(TASK): Report, as a number alone, how many lines below contain the string "Perfect".

__________

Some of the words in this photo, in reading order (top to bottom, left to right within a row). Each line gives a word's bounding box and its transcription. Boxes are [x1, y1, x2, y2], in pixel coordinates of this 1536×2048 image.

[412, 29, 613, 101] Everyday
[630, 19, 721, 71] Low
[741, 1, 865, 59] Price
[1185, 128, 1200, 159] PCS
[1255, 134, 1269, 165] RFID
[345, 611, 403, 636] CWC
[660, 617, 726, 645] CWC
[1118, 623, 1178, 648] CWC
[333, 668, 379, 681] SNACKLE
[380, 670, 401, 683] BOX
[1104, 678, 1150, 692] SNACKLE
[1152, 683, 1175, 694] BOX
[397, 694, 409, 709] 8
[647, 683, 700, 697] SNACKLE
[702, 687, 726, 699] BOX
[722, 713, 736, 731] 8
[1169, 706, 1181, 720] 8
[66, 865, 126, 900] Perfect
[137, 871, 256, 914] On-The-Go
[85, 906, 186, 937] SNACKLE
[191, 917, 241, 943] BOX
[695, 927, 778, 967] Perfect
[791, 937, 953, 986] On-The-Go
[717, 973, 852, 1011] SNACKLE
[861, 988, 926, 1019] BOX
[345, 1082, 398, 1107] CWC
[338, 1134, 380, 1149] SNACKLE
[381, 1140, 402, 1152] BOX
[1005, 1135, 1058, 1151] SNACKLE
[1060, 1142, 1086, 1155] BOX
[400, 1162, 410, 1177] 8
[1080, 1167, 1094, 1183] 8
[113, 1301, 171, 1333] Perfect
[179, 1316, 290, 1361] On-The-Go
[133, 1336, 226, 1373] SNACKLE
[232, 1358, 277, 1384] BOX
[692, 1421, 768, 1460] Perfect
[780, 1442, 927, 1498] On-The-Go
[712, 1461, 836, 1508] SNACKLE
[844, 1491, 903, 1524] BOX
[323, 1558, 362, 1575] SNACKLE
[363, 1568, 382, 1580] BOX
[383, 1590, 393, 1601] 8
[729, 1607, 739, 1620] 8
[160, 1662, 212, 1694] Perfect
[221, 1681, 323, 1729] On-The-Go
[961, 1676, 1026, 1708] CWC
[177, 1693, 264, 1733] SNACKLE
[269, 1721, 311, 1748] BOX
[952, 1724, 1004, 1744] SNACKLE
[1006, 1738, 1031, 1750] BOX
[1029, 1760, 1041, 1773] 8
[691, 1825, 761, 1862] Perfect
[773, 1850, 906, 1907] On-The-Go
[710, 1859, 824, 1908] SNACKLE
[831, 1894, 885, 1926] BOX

__________

(RESPONSE BELOW): 6